[Dataset records]

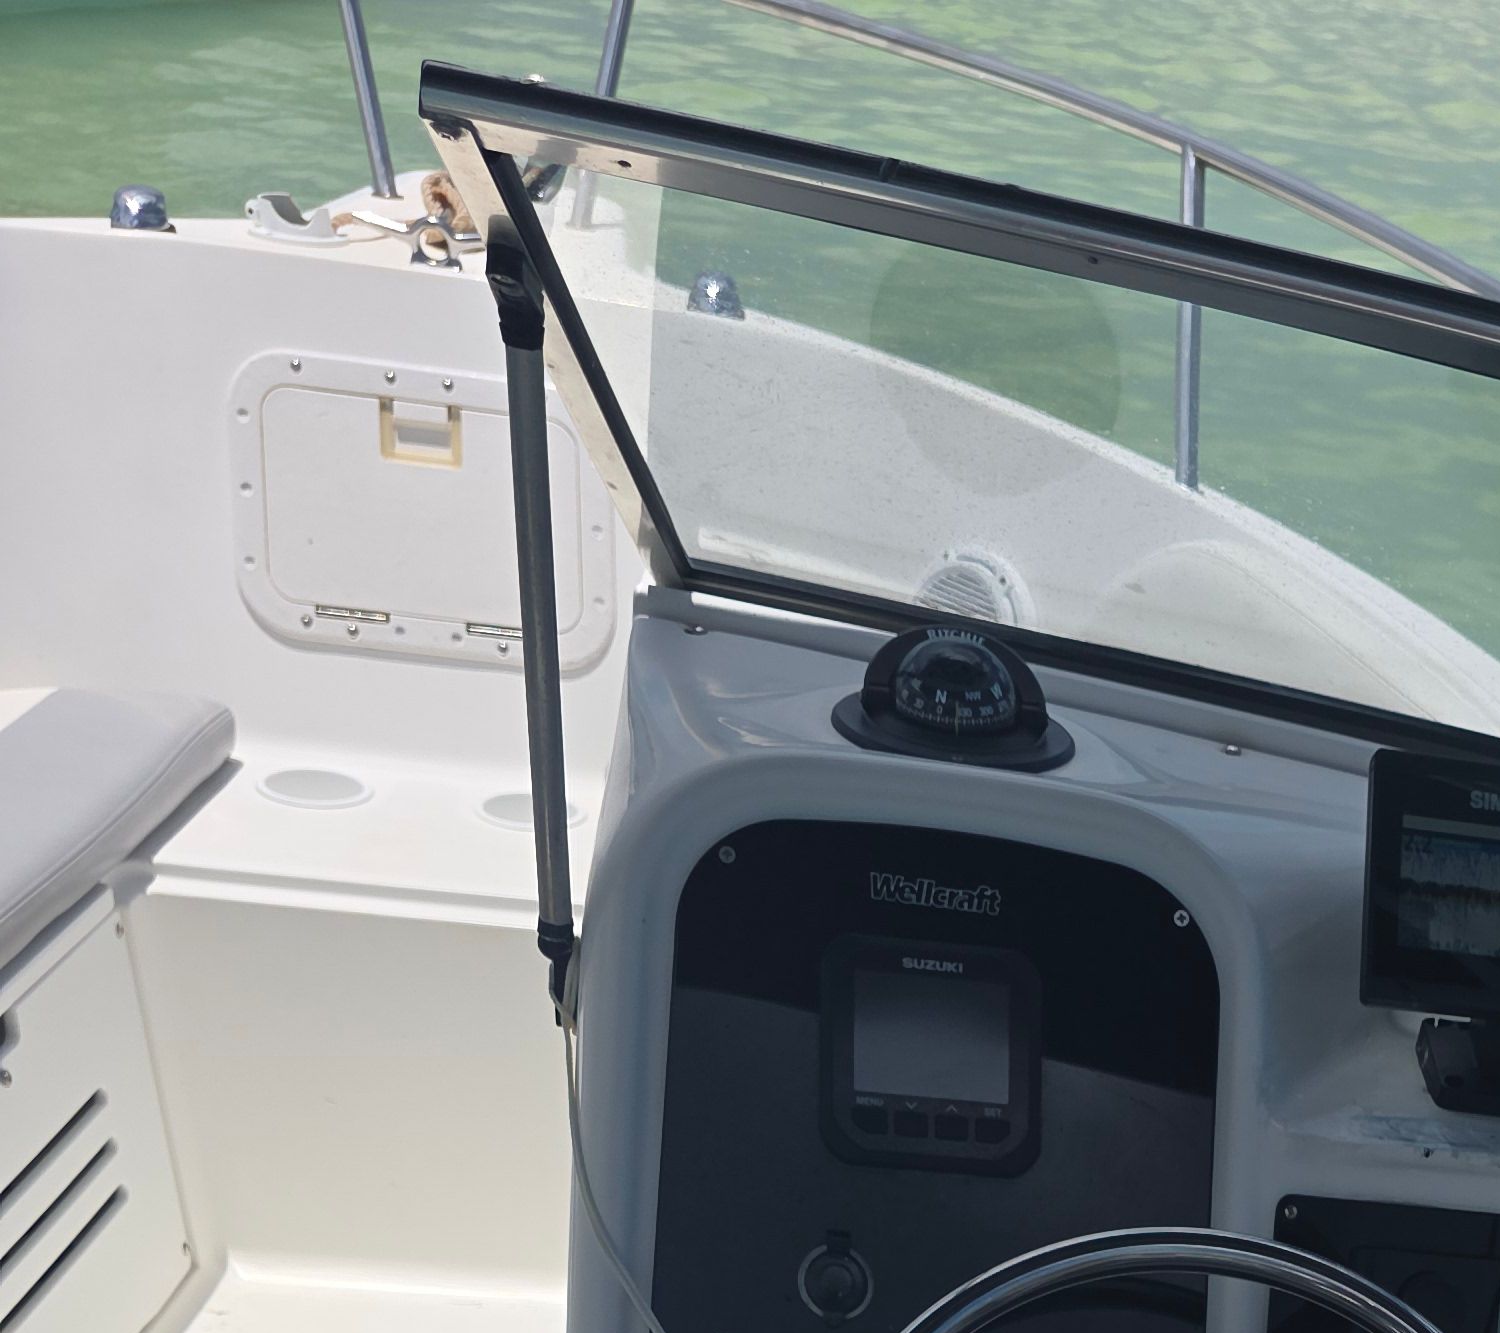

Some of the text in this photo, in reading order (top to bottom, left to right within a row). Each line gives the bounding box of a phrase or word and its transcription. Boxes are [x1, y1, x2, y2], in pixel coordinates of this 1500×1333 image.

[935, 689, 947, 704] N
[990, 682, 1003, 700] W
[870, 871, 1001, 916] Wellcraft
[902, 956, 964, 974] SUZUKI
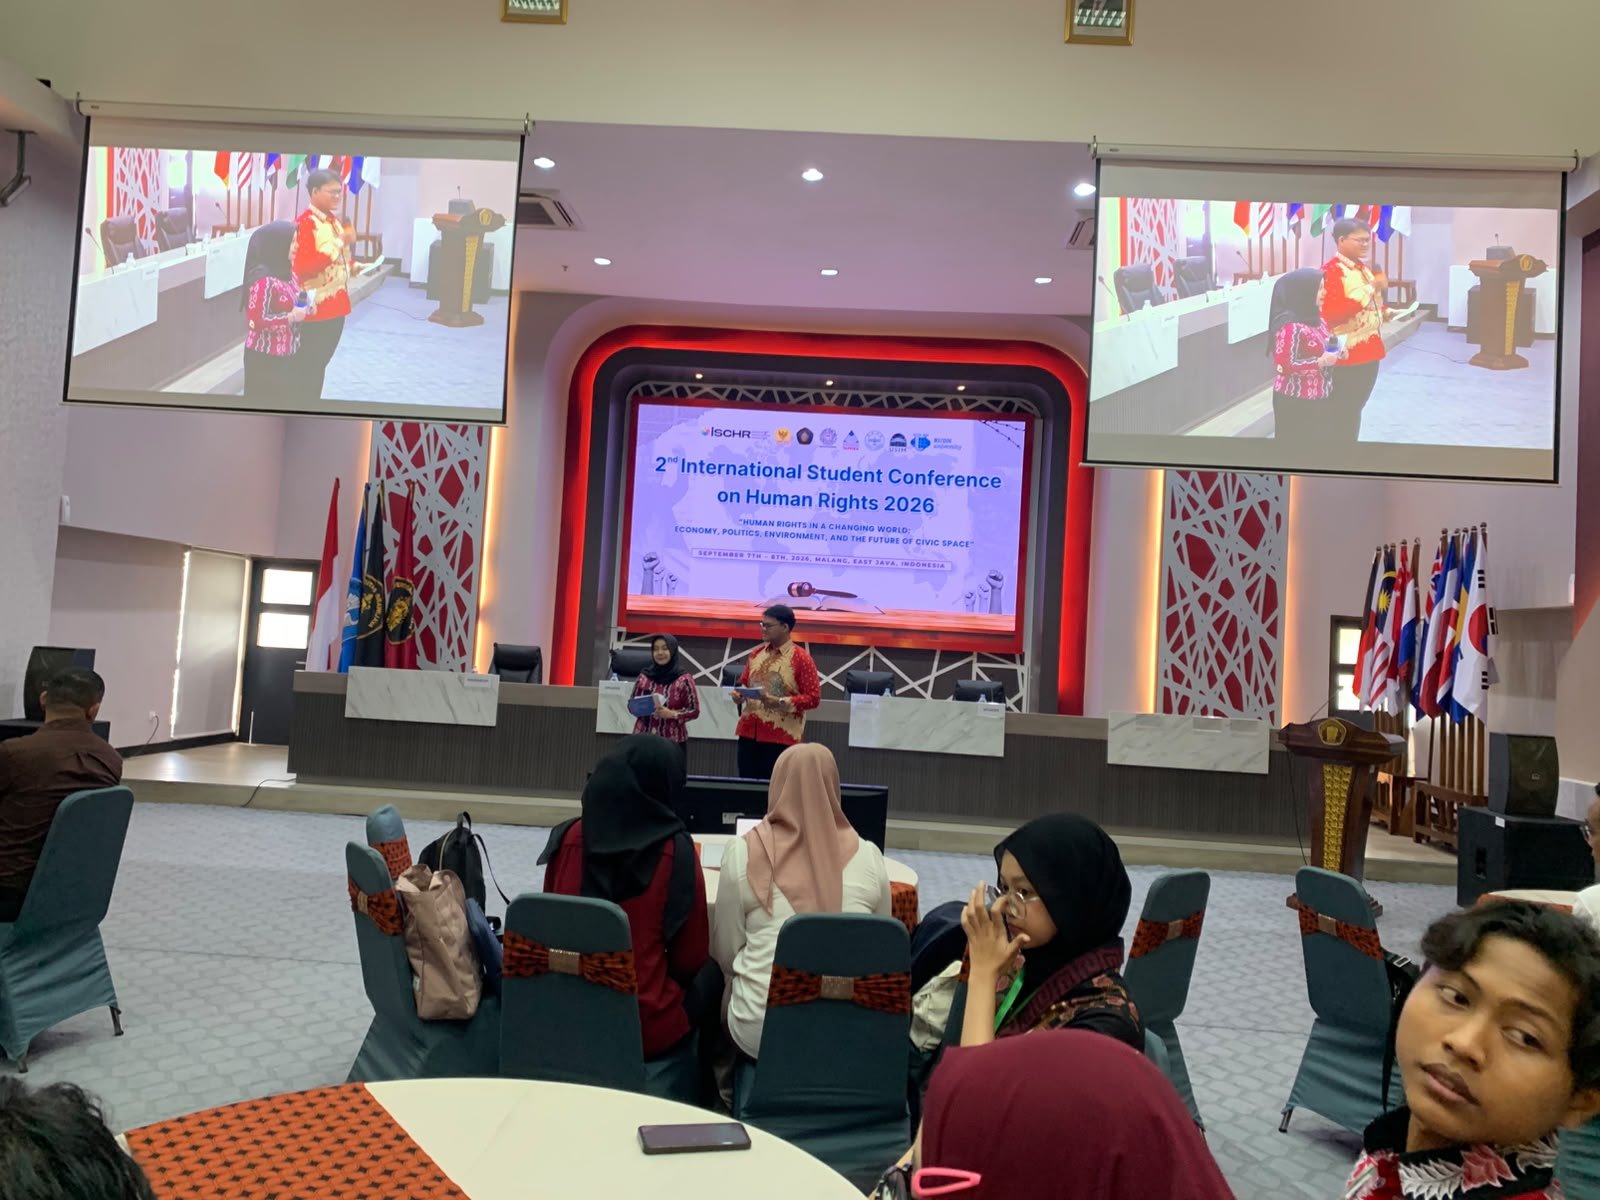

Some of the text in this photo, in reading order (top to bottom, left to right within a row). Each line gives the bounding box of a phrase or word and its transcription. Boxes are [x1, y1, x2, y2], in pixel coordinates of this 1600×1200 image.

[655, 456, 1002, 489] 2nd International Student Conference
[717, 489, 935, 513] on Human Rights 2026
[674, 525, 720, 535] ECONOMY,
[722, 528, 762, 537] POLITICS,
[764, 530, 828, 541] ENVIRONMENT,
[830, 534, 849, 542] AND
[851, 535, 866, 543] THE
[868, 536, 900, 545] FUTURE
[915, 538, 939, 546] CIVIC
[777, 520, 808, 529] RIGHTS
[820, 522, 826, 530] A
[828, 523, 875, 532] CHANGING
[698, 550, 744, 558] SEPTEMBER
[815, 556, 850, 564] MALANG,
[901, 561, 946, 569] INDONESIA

[/Dataset records]

[Required work] Would you copy the records word for word, without any of their pictures?

[Reply]
Some of the text in this photo, in reading order (top to bottom, left to right within a row). Each line gives the bounding box of a phrase or word and its transcription. Boxes are [x1, y1, x2, y2], in pixel coordinates of this 1500×1333 image.

[935, 689, 947, 704] N
[990, 682, 1003, 700] W
[870, 871, 1001, 916] Wellcraft
[902, 956, 964, 974] SUZUKI

Some of the text in this photo, in reading order (top to bottom, left to right within a row). Each line gives the bounding box of a phrase or word and its transcription. Boxes are [x1, y1, x2, y2], in pixel coordinates of this 1600×1200 image.

[655, 456, 1002, 489] 2nd International Student Conference
[717, 489, 935, 513] on Human Rights 2026
[674, 525, 720, 535] ECONOMY,
[722, 528, 762, 537] POLITICS,
[764, 530, 828, 541] ENVIRONMENT,
[830, 534, 849, 542] AND
[851, 535, 866, 543] THE
[868, 536, 900, 545] FUTURE
[915, 538, 939, 546] CIVIC
[777, 520, 808, 529] RIGHTS
[820, 522, 826, 530] A
[828, 523, 875, 532] CHANGING
[698, 550, 744, 558] SEPTEMBER
[815, 556, 850, 564] MALANG,
[901, 561, 946, 569] INDONESIA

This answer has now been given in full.